I didn’t wear a mask on the trail. Regardless, I try to be respectful on the trail to people wearing them. Some put them up as they passed me.

I caught up to three students from Paul Smiths. “You’re making good time” the man said. “Yeah” I replied. “We were trying to make good time, but…” “Ok, you can blame it on me,” one of the girls said. “You’re with friends,” I offered”. I’m just alone with my thoughts!” 

You ever say something off the top of your head and it just comes out wrong? After a quick pet of their dog, I gave a “See you up there!” and kept moving.

When I reached the summit, I had it to myself for 3 minutes. Nothing but the chirping of birds. I ran up the firetower to appreciate the moment. The wind was intense and loud. “My heart is full,” my brain told me. Is this possible when I’m not on the top of a mountain?

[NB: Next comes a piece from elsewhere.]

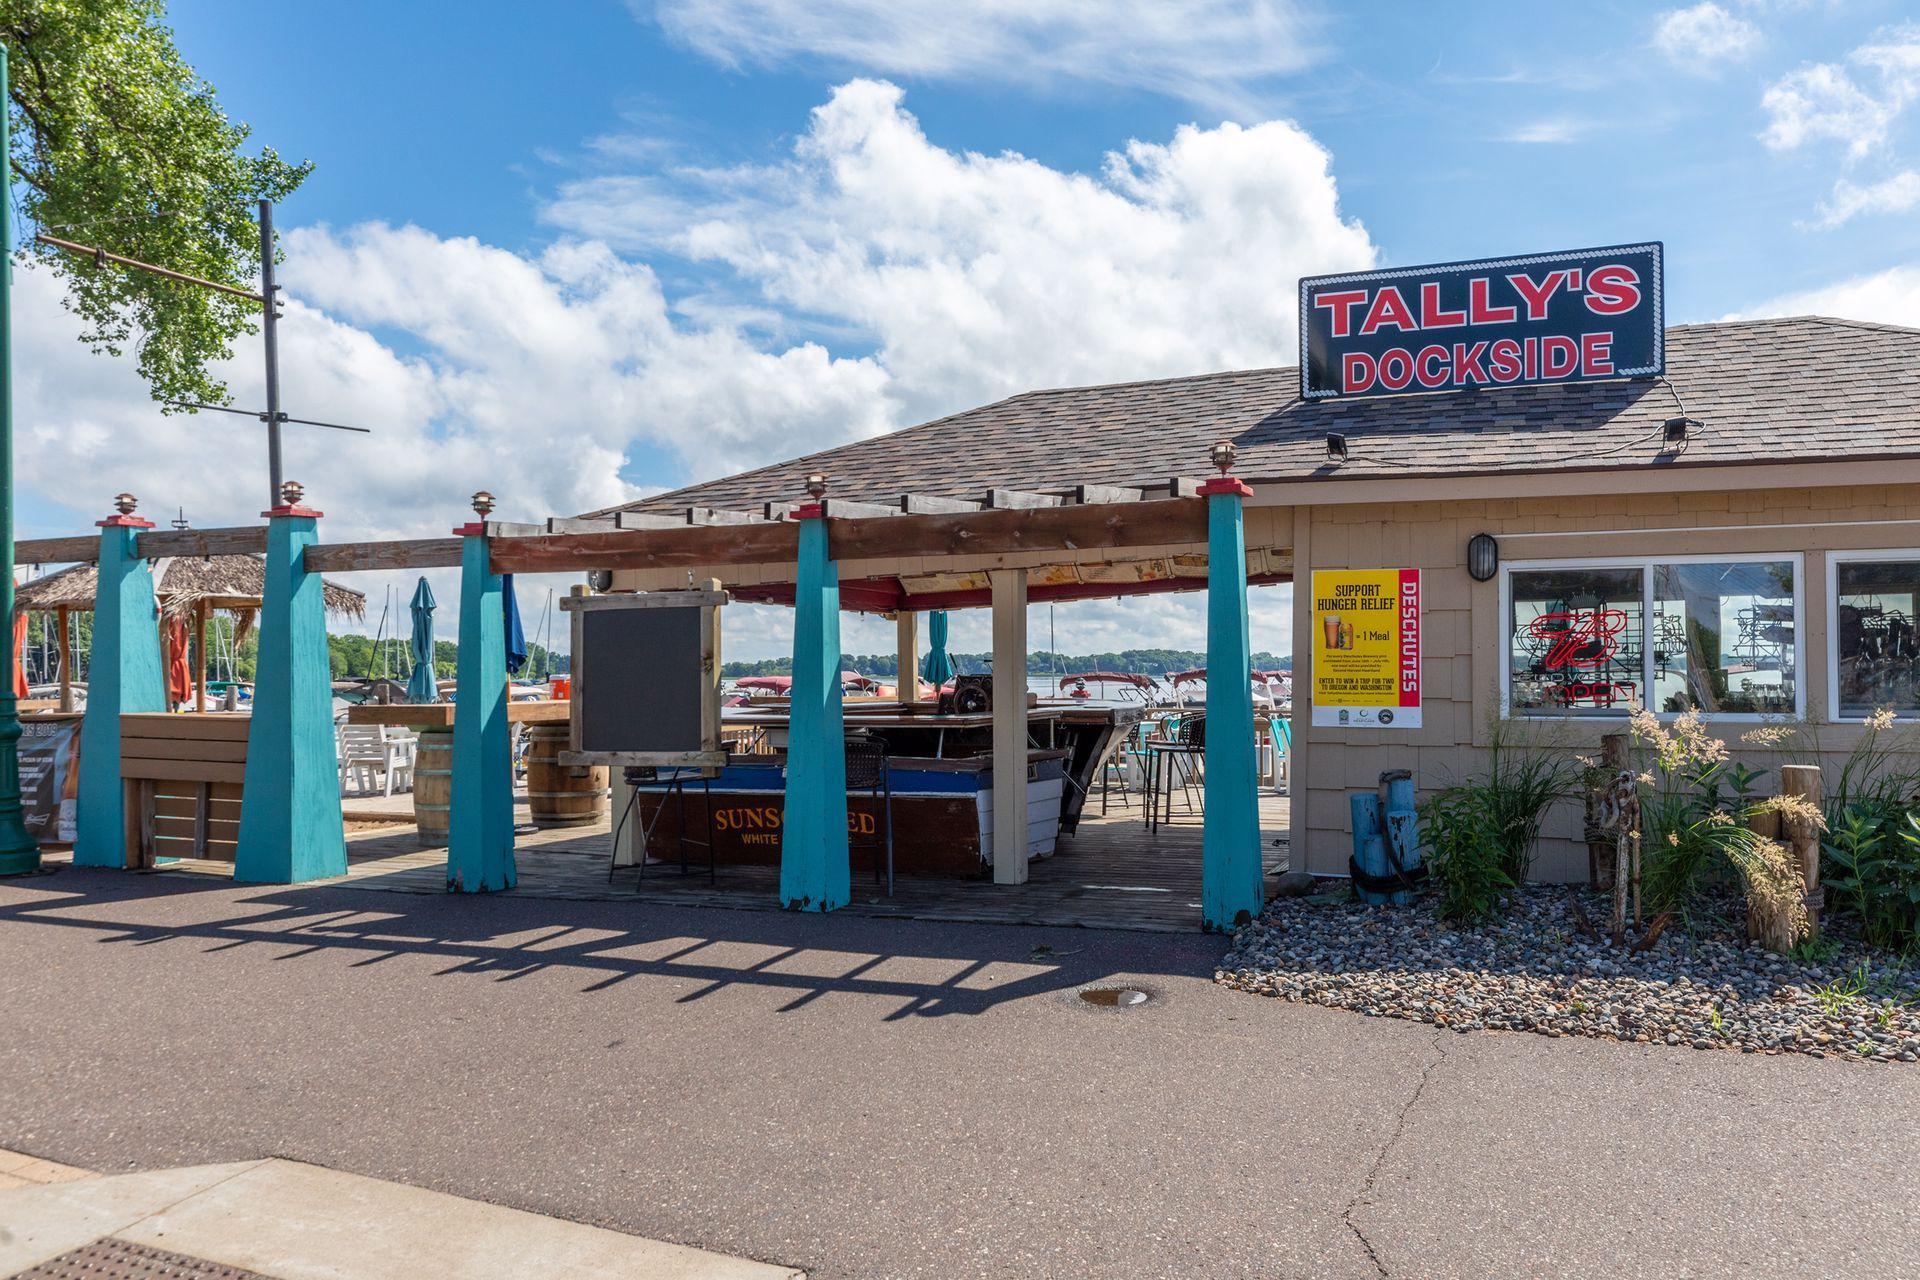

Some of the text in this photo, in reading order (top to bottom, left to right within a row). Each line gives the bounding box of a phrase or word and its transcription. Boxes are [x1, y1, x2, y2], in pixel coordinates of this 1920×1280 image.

People came. I saw the delightful woman I passed by on the way up who brought her two rescue dogs, now passed out on the rock.

I saw a son my age, his mother and father going towards the ledge to settle in. The father wore a mask. Maybe this was his first time out in a while. The freshest air in the world!, I thought. On a summit!

10 minutes passed, and the father took his mask off. I heard him talking about the awful couple he traveled with when he went to Rome.

“And (his friend) said he had a coupon for the local McDonalds. We can eat for 5 dollars, he said. I told him, we’re not eating at McDonalds! He’s a great guy, but if he can save money…”

I had no real plans, so I decided to stay longer on the summit. Didn’t want this guy heckling his friends wife, because she lost her luggage, and would make fun of her for wearing the same blouse to dinner every night, to be the memory before I came down. But that’s what it is. A couple of nice people, this guy advertising his thoughts to the world, and the quiet I got for 3 minutes. Not bad for a summer hike.

The beach at Buck Pond has a wide open view of the lake and the peak of a small mountain. When I arrived, there were some kids in the water, laughing and yelling for a truce when it got too splashy.

There was a giant space in the middle of the beach to leave my shirt and jump in. I swam out and got tired immediately. I tried to float on my back. Coming up, my eyes took in the coastline of evergreens. “I am here,” I said to no-one.

At night, my neighbor gave her kids chocolate to eat and then yelled at them to get in the tent and go to sleep. And they left their fire on the whole night. She asked me the next day, “hey, we have extra firewood if you need it”. I smiled and waved. “I’m good”.

One thought on “St. Regis and Buck Pond by Matthew Schechter

  1. I loved this piece. It’s all about relating to others and living with yourself solo – the judgments we make and the experience we have as individuals. Love it. Lots of humor here – dressing down at 7:00 a.m.; coupon to McDonaldd’s; truce when things go to splashy. Great fun.